Enigmatic

Kazuo Ishiguro is a very clever novelist. Where he excels is that he's able to draw the reader into the novel at an early stage, and sets it up in such a way that you feel quite confident in that you believe you know in which direction this novel is going to be heading. There's a wonderfully comfortable feel about his writing. Then there's a change in the narrative, and you suddenly realise that what you thought was happening is actually quite different, so he leads you down a new path only for you to have discovered by the end that there's been a complete paradigm shift in your interpretation of the novel.

He did this very cleverly in the previously reviewed Never let me go, in which a very alien environment is first portrayed as being a background that certainly any 40-something British person would feel quite happy in. He does this just as cleverly in his debut novel A pale view of hills.

The novel opens with a Japanese woman, Etsuko, now living in the UK, thinking back to a period of her life when she was in Nagasaki, pregnant with her first child. The reader soon learns that the child, Keiko, is now dead having committed suicide after an unhappy, solitary life. While pregnant with Keiko, Etsuko had become friends with Sachiko, who was having an affair with an American businessman, and her lonely little daughter, Mariko, who, as the reader becomes aware as the novel progresses, bears quite a resemblance to Etsuko's yet-to-be-born daughter Keiko.
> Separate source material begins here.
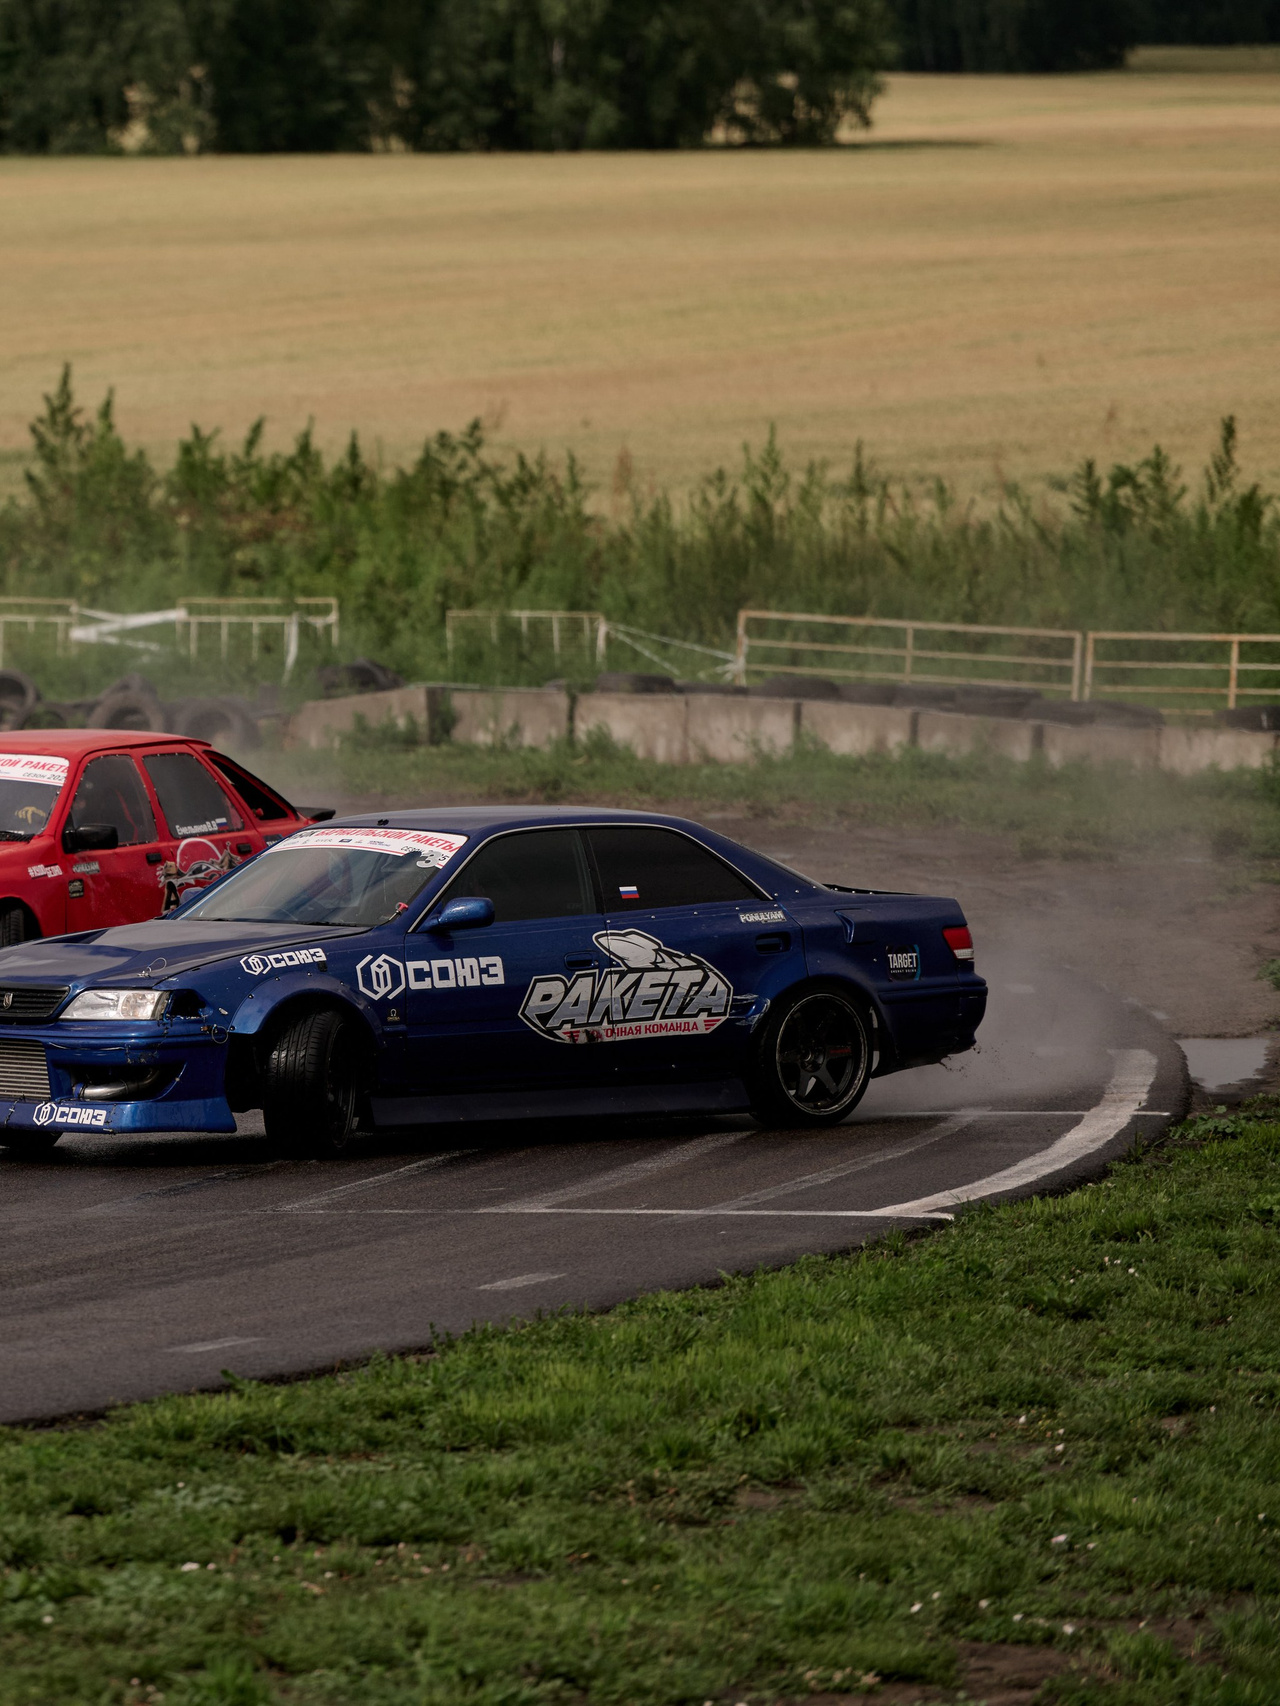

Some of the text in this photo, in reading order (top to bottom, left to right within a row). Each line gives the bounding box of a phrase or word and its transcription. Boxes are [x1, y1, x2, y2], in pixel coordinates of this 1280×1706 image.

When I first started to read this I thought it was going to be a fairly straightforward read about family, exile, loss, all that sort of thing. And then about halfway through I started to realise that it was not as straightforward as I'd initially thought - I began to wonder if it was a ghost story, a very useful vehicle for a narrative about loss. By the end I was pretty sure it wasn't a ghost story, but was more puzzled than ever. I'm still not sure now whether Mariko and Sachiko really existed, or if they were spirits of some description, or were projections of Etsuko and Keiko at another period of their lives, or even perhaps how Etsuko would like to have been, rather than how she actually was.

Either way it's a fascinating, thought-provoking short read. What a debut.